Task input Block Start

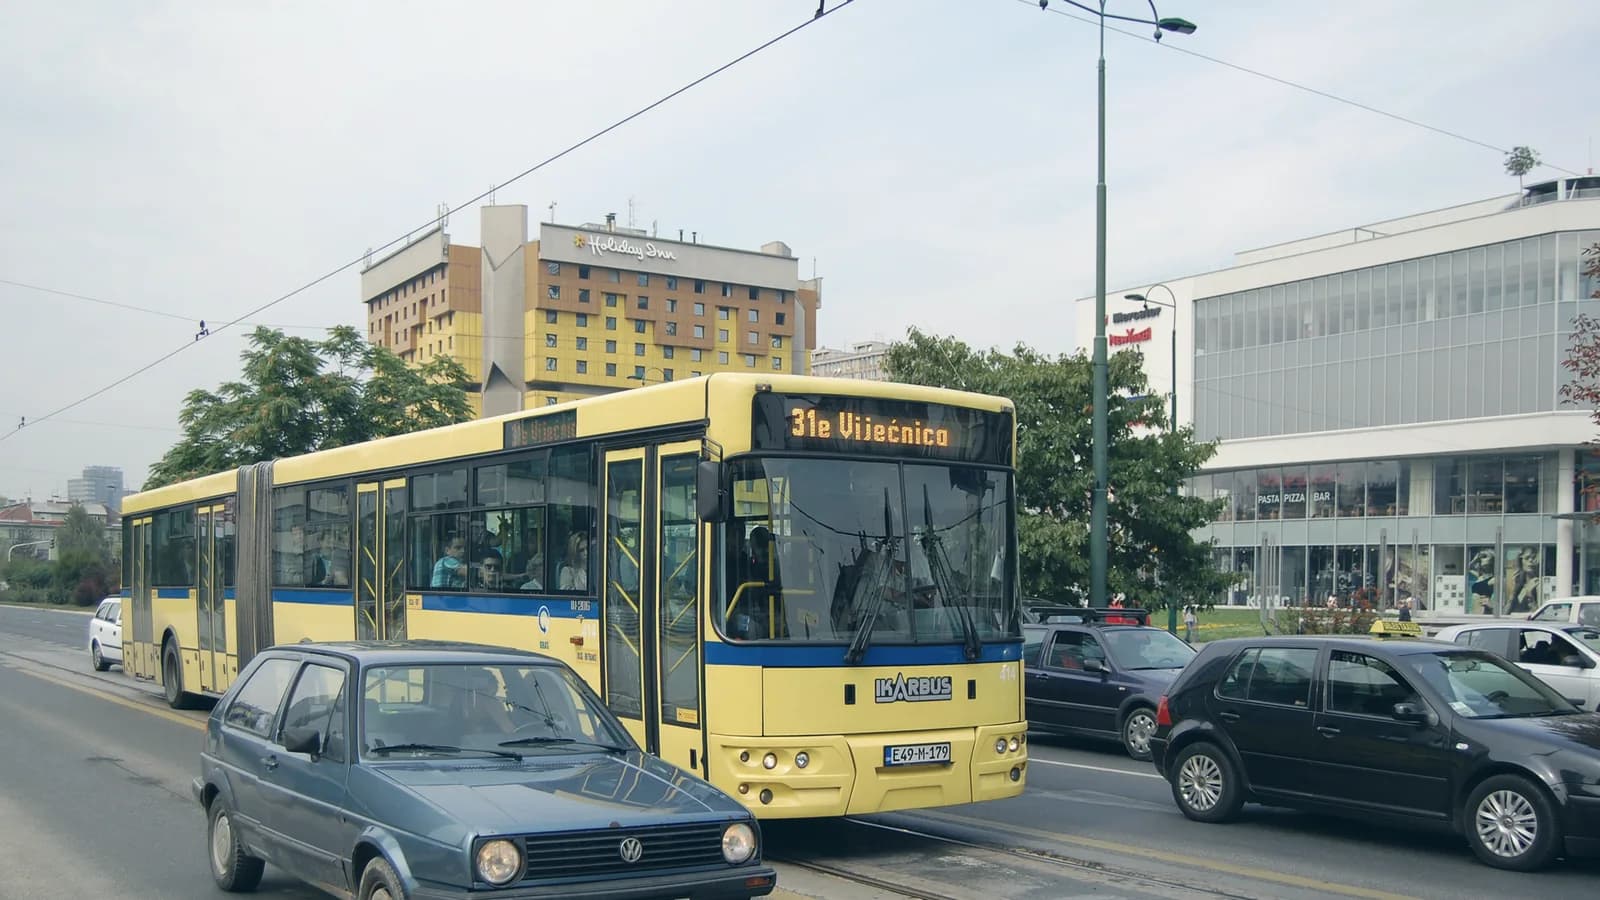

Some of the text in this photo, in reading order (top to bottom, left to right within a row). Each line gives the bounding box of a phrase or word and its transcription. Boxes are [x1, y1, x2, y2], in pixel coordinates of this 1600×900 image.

[588, 234, 677, 260] Holiday Inn
[791, 408, 949, 447] 31e Vijećnica
[1257, 491, 1331, 504] PASTA PIZZA BAR
[875, 672, 952, 703] IKARBUS
[892, 745, 949, 763] E49-M-179

Task input Block End

#### [How to complete this task]
A verbatim copy of the listing, with all pictures removed, is required.

#### [Solution below]
Some of the text in this photo, in reading order (top to bottom, left to right within a row). Each line gives the bounding box of a phrase or word and its transcription. Boxes are [x1, y1, x2, y2], in pixel coordinates of this 1600×900 image.

[588, 234, 677, 260] Holiday Inn
[791, 408, 949, 447] 31e Vijećnica
[1257, 491, 1331, 504] PASTA PIZZA BAR
[875, 672, 952, 703] IKARBUS
[892, 745, 949, 763] E49-M-179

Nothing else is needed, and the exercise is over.